HEALTHCARE & MEDICARE

Why “time to value” is the No. 1 metric healthcare AI customers care about

Digital health funding has remained steady this year, with artificial intelligence startups increasingly receiving a larger share of venture capital funding. In the first half of this year, AI-focused startups received the majority of venture capital investment in digital health, with 62% of all venture capital investment in the space going to companies using AI to automate documents, accelerate drug discovery, improve diagnostics, and increase patient engagement.

Vig Chandramouli, partner at Oak HC/FT, said investors remain highly focused on artificial intelligence’s ability to solve health care problems, but they are increasing their scrutiny of AI companies as new startups continue to flood the space.

He noted that customers also remain enthusiastic about AI, although this is more true for providers than for payers.

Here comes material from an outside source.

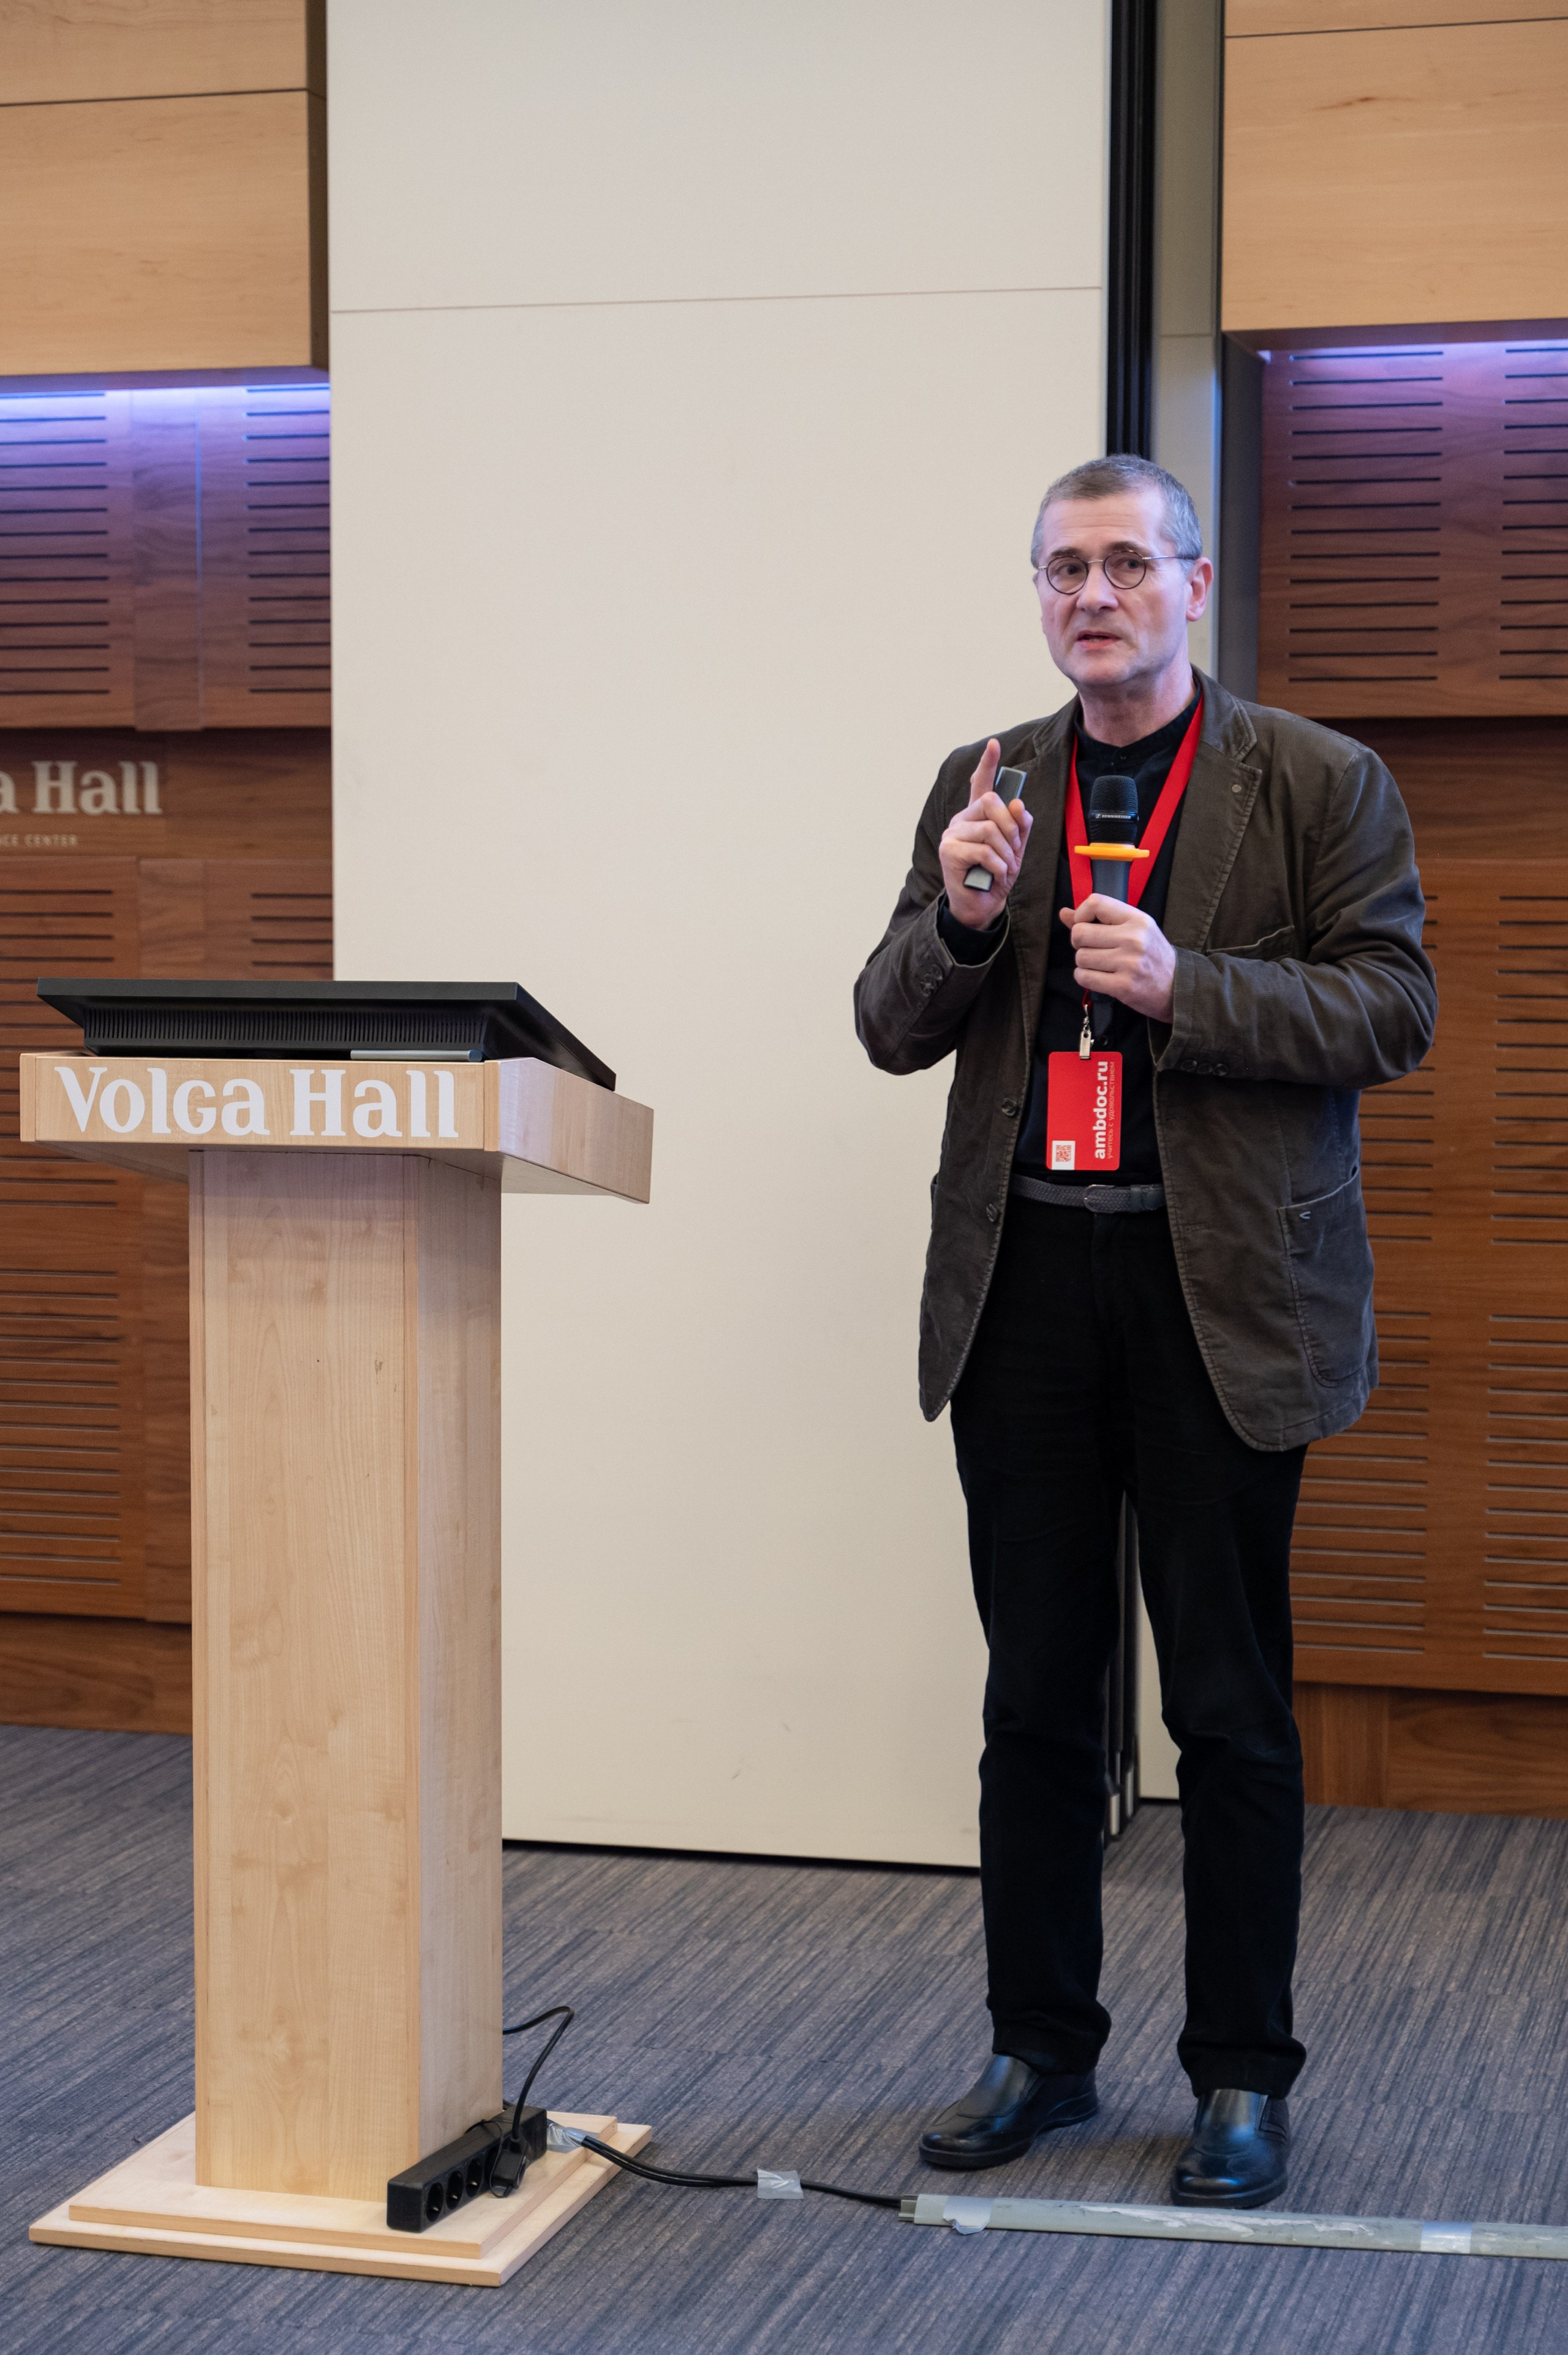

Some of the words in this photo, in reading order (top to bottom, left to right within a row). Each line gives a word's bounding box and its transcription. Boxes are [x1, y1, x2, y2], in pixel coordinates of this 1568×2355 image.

[32, 760, 162, 815] Hall
[290, 1069, 459, 1138] Hall
[1093, 1061, 1108, 1159] ambdoc.ru

“I think payers are still learning about what is and isn't considered AI, and the legal definitions related to contracts are slowing down. But in the meantime, I think providers have been willing to innovate and experiment,” Chandramouli said.

As health systems deploy more and more AI pilots, he said, they are starting to prioritize real ROI in the short term — ideally six to nine months after go live. Chandramouli noted that this “time to value” metric is becoming the primary way to evaluate new AI companies.

He explained that AI solutions entering the market must demonstrate tangible savings, such as reduced nurse staffing costs or increased revenue, and they need to do so relatively quickly.

“For environmental striping solutions, I think the first version of many platforms was about burnout, reduced pajama time and positive feedback from providers. As those contracts come up for renewal, the second version of the story is all about hard dollar ROI, and hard dollar ROI is in the front-end revenue cycle,” commented Chandramouli.

Now, health systems are telling AI companies to state “We might pay you X, but we want to see a return on that money within a year of deployment,” he added.

Gone are the days when startups could promise ROI in a few years, claims Chandramouli.

He noted that, in general, the buying process has changed since the pandemic. The main reason is that AI startups are increasingly putting fees at risk, tying their payments to the ROI achieved.

“People who are convinced that they can drive ROI are putting their fees at risk. Because if you really do the math, option A is to do a pilot, invest a lot of internal resources, for about a year, and then it might convert — or you just give it to them for free until you hit the ROI cliff,” explains Chandramouli.

He noted that health systems are more than willing to participate in such arrangements because the pain points are so acute. From his perspective, provider organizations are most interested in AI tools to improve nurse staffing, documentation and circulation processes.

These organizations, especially mid-tier systems, are prioritizing quick pilots that solve immediate problems, Chandramouli said.

Ultimately, he believes the next phase of digital health investing will be defined not by the companies with the flashiest AI, but by those that can deliver measurable value in months rather than years.